> _What to produce_: Each entry below is to be reproduced exactly, though any pictures it holds must be omitted.

(Spatial localization data)

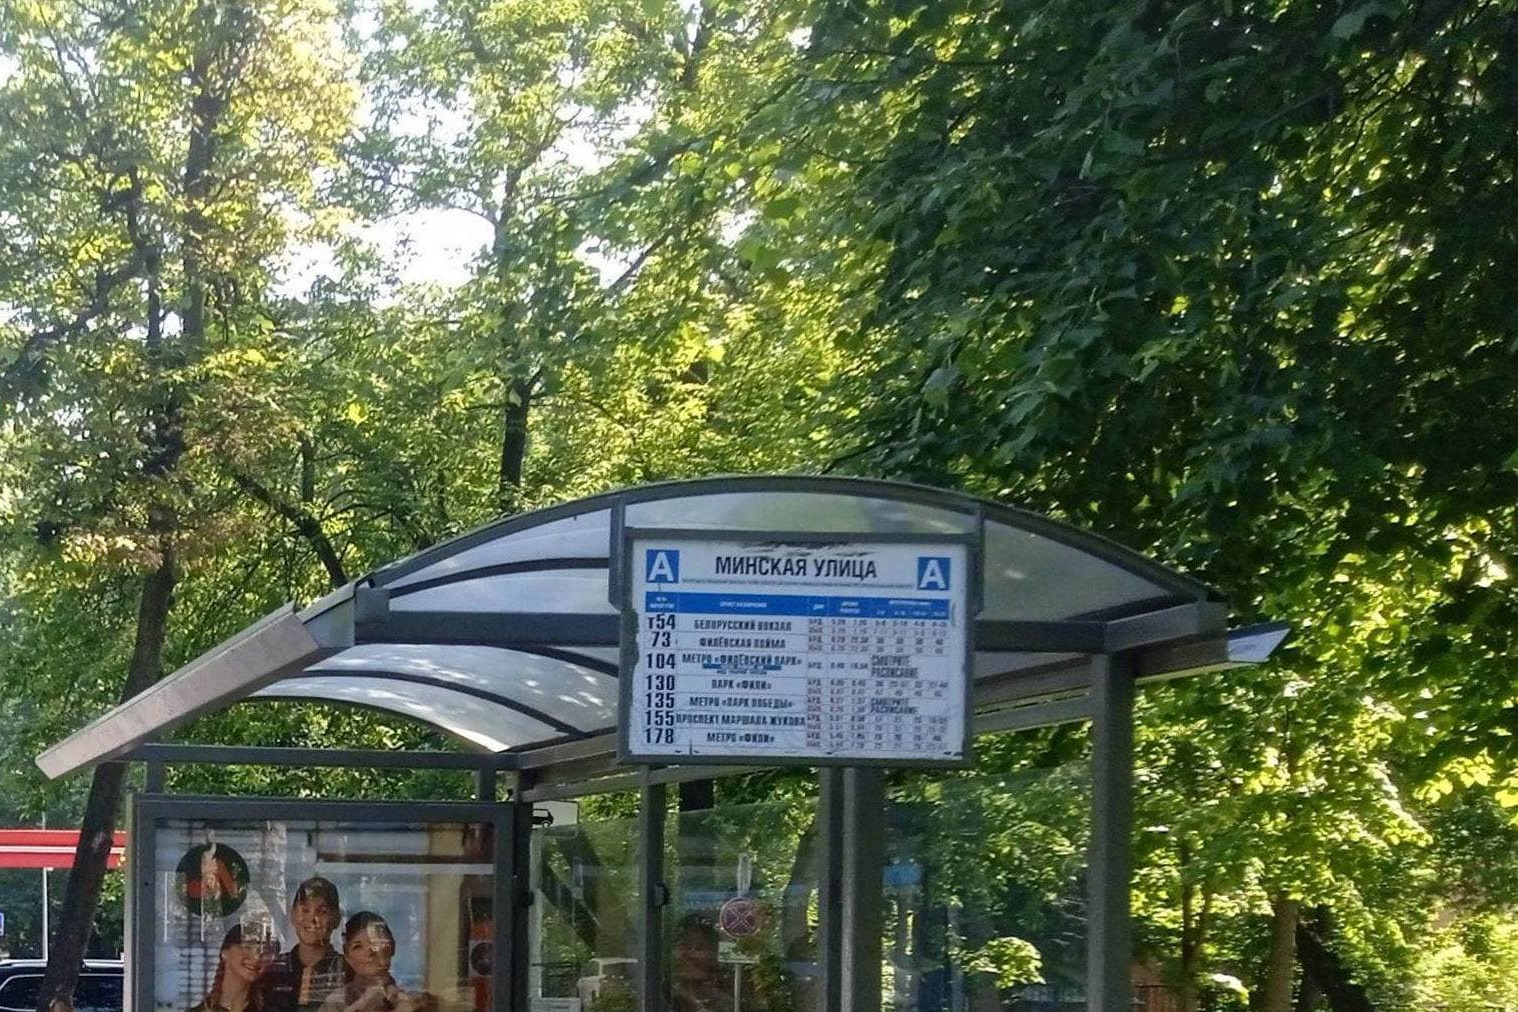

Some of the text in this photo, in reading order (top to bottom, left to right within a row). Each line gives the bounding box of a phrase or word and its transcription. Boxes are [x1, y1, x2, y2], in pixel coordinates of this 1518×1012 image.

[714, 556, 877, 581] МИНСКАЯ УЛИЦА
[694, 619, 792, 632] БЕЛОРУССКИЙ ВОКЗАЛ
[651, 631, 671, 648] 73
[754, 637, 786, 648] ПОЙМА
[646, 653, 676, 669] 104
[682, 653, 712, 664] МЕТРО
[646, 675, 675, 691] 130
[711, 679, 734, 690] ПАРК
[645, 692, 675, 708] 135
[689, 697, 720, 707] МЕТРО
[645, 710, 675, 726] 155
[676, 713, 719, 725] ПРОСПЕКТ
[721, 714, 768, 725] МАРШАЛА
[769, 715, 806, 726] ЖУКОВА
[644, 728, 675, 744] 178
[707, 732, 737, 743] МЕТРО

> _Output of the task_:
Some of the text in this photo, in reading order (top to bottom, left to right within a row). Each line gives the bounding box of a phrase or word and its transcription. Boxes are [x1, y1, x2, y2], in pixel coordinates of this 1518×1012 image.

[714, 556, 877, 581] МИНСКАЯ УЛИЦА
[694, 619, 792, 632] БЕЛОРУССКИЙ ВОКЗАЛ
[651, 631, 671, 648] 73
[754, 637, 786, 648] ПОЙМА
[646, 653, 676, 669] 104
[682, 653, 712, 664] МЕТРО
[646, 675, 675, 691] 130
[711, 679, 734, 690] ПАРК
[645, 692, 675, 708] 135
[689, 697, 720, 707] МЕТРО
[645, 710, 675, 726] 155
[676, 713, 719, 725] ПРОСПЕКТ
[721, 714, 768, 725] МАРШАЛА
[769, 715, 806, 726] ЖУКОВА
[644, 728, 675, 744] 178
[707, 732, 737, 743] МЕТРО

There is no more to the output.